___ SOURCE INFORMATION

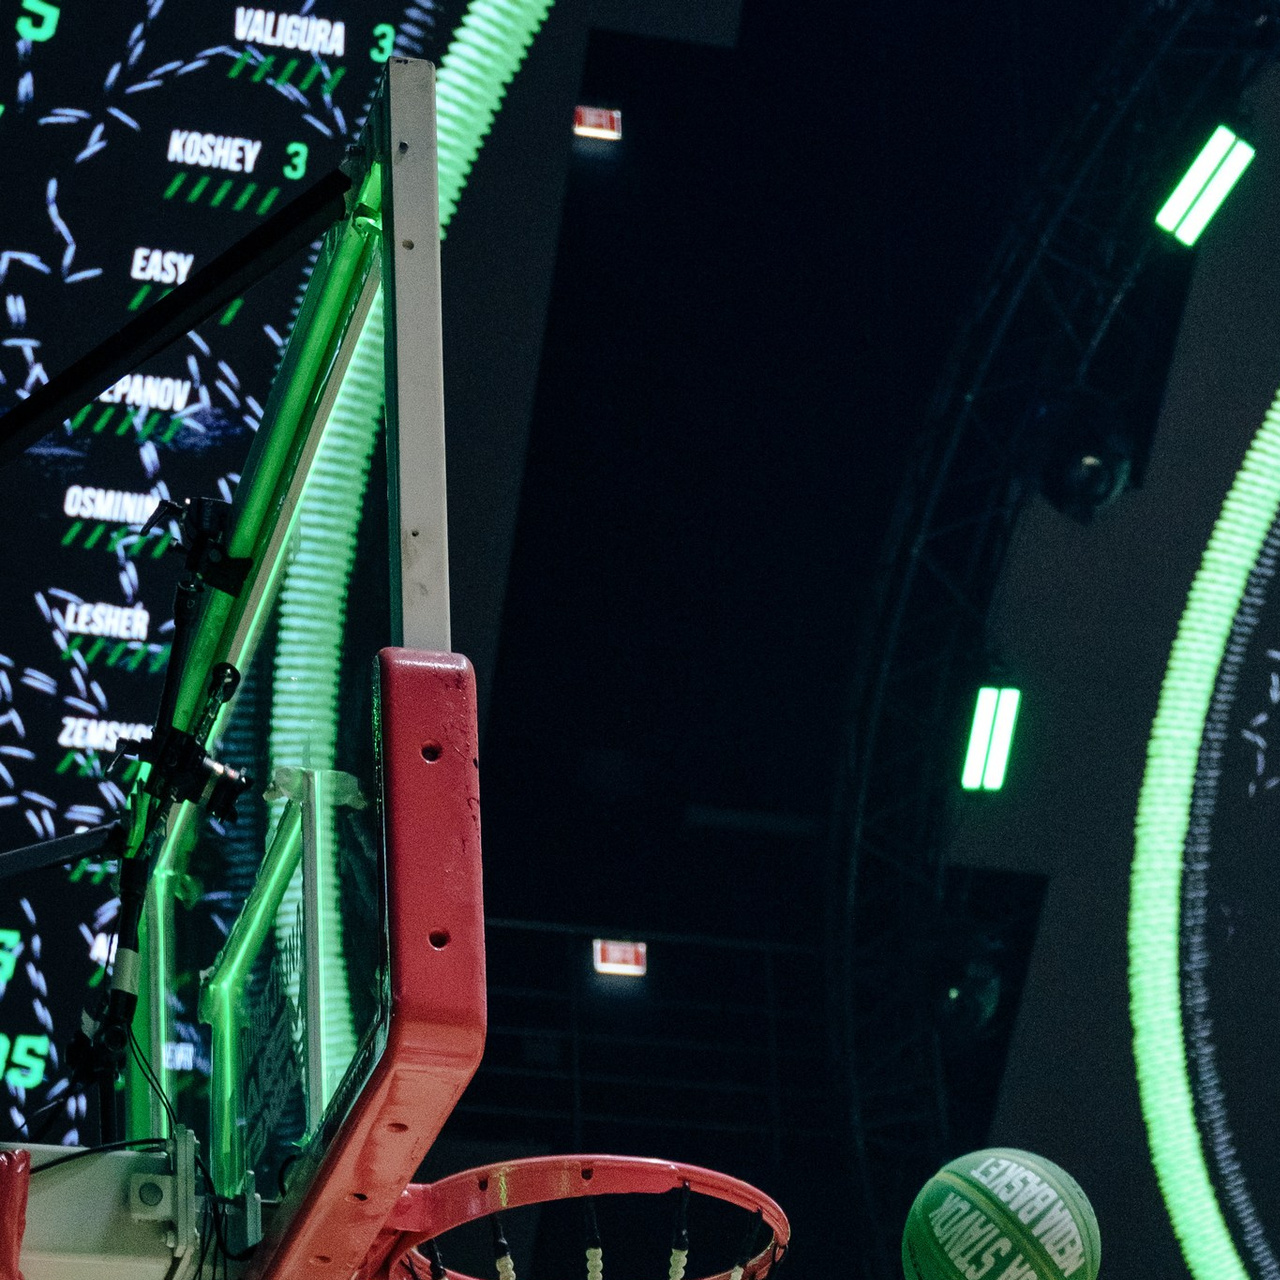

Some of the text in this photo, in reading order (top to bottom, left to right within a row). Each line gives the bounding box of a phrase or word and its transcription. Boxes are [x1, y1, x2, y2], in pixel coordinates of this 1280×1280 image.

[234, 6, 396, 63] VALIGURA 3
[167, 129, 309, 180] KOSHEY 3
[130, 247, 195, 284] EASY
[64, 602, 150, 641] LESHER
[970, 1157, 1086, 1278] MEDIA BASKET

______

**WHAT TO PRODUCE:**
Each line above should be set down exactly as written, with pictures excluded.

**TASK OUTPUT:**
Some of the text in this photo, in reading order (top to bottom, left to right within a row). Each line gives the bounding box of a phrase or word and its transcription. Boxes are [x1, y1, x2, y2], in pixel coordinates of this 1280×1280 image.

[234, 6, 396, 63] VALIGURA 3
[167, 129, 309, 180] KOSHEY 3
[130, 247, 195, 284] EASY
[64, 602, 150, 641] LESHER
[970, 1157, 1086, 1278] MEDIA BASKET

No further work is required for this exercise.